Poor Hope, the subject of his unjust condemnation, was agitated, not only by impatience for the promised meeting with her unfortunate sister, but by fear that some unforeseen circumstance might prevent it. She was also harassed with a sense of conflicting duties. She sometimes thought that the duty of restoring her sister to the condition in which she was born was paramount to the obligation of her promise to Magawisca. She would waver and resolve to disclose her secret appointment; but the form of Magawisca would rise to her recollection, with its expression of truth, sweetness, and confidence, as if to check her treacherous purpose.

A thousand times she condemned herself for the rashness of her promise to Magawisca, by which she had reduced herself, surrounded as she was by wise and efficient friends, to act without their council and aid. Had Everell treated her with his accustomed kindness, the habitual confidence of their intercourse might have led her to break through the restriction of her promise, but she dared not deliberately violate her word so solemnly pledged. Oppressed with these anxieties, the hours rolled heavily on; and when Friday, the appointed day, arrived, it seemed to Hope that an age had intervened since her interview with Magawisca.

She had taken care previously to propose an excursion on Friday to the governor’s garden; and, contrary to usual experience when a long-projected pleasure is to be realized, every circumstance was propitious.
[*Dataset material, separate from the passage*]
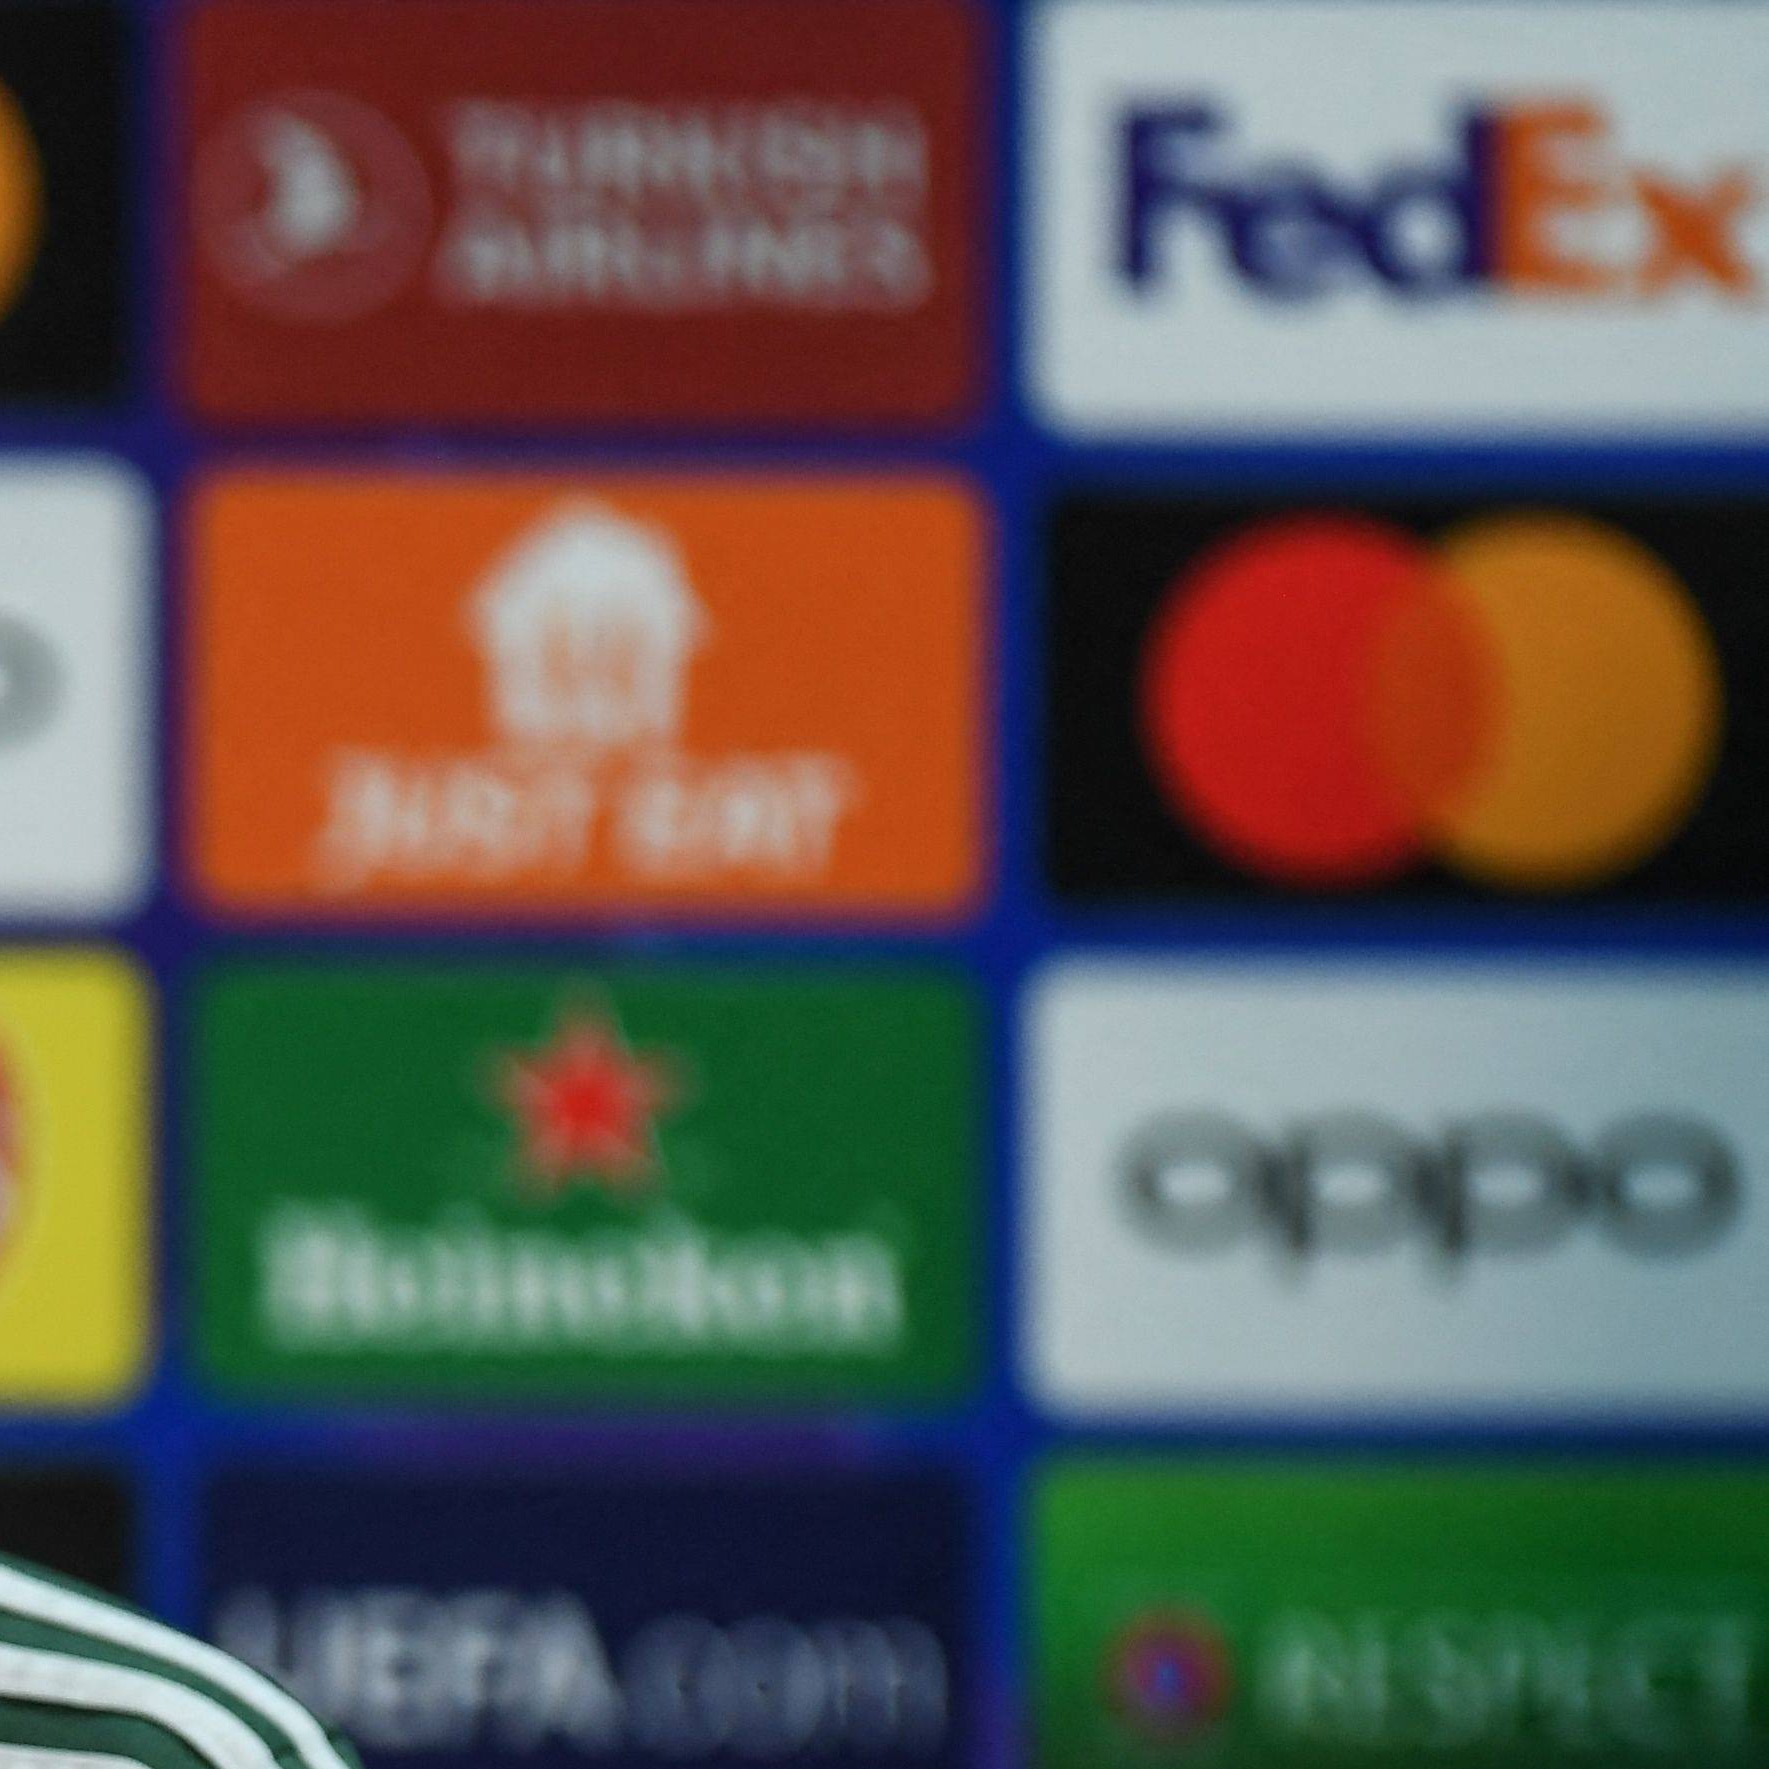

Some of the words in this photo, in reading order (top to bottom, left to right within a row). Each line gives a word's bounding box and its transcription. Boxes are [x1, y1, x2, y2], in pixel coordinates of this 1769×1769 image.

The day was propitious—one of Nature’s holydays; the governor, too, was propitious, and even promoted the party with unprecedented zeal.

After various delays, which, however trifling, had increased Hope’s nervous impatience, they were on the point of setting forth, when Madam Winthrop, who was not one of the party, came into the parlour, and said, after a slight hesitation, “I am loath, my young friends, to interfere with what you seem to have set your hearts on, but really—” she paused.

“Really what, ma’am?” asked Hope, impatiently.

Madam Winthrop was not inclined to be spurred by Miss Leslie, and she answered very deliberately, “I have a feeling as if something were to happen to-day. I am a coward on the water at all times, more than becomes one who fully realizes that the same Providence that watches over us on the land follows us on the great deep.”

“But your fears, madam,” said Sir Philip, “did not prevent your crossing the stormy Atlantic.”

“Nay, Sir Philip; and I know not what mettle that woman is made of that would not go hand in hand with her husband in so glorious a cause as ours.”

“Are we not all ready?” asked Hope, anxious to escape before Madam Winthrop proposed, as she apprehended she was about to do, a postponement of the party.

“Yes, all ready, I believe, Miss Leslie, but not all too impatient to await a remark I was about to make, namely, Sir Philip, that a party of pleasure is very different from a voyage of duty.”

“Certainly, madam,” replied Sir Philip, who trusted that assent would end the conversation, “widely different.”

“It is not necessary for me,” resumed Madam Winthrop, “to state all the points of difference.”

“Oh! not in the least, ma’am,” exclaimed Hope.

“Miss Leslie!” said Madam Winthrop, in a tone of surprise; and then, turning her eye to Everell, who was standing next to Esther, she said, resuming her measured tone, “My responsibility is so great to my brother Downing—I had an uncommon dream about you, Esther, last night; and, if anything should happen to you—”

“If it is me you are concerned about, aunt,” said Esther, untying her bonnet, “I will remain at home. Do not let me detain you,” she added, turning to Hope, “another moment.”

Nothing seemed to Hope of any importance in comparison with the prosecution of her plans; and, nodding a pleased assent to Esther, she took her aunt’s arm in readiness to depart.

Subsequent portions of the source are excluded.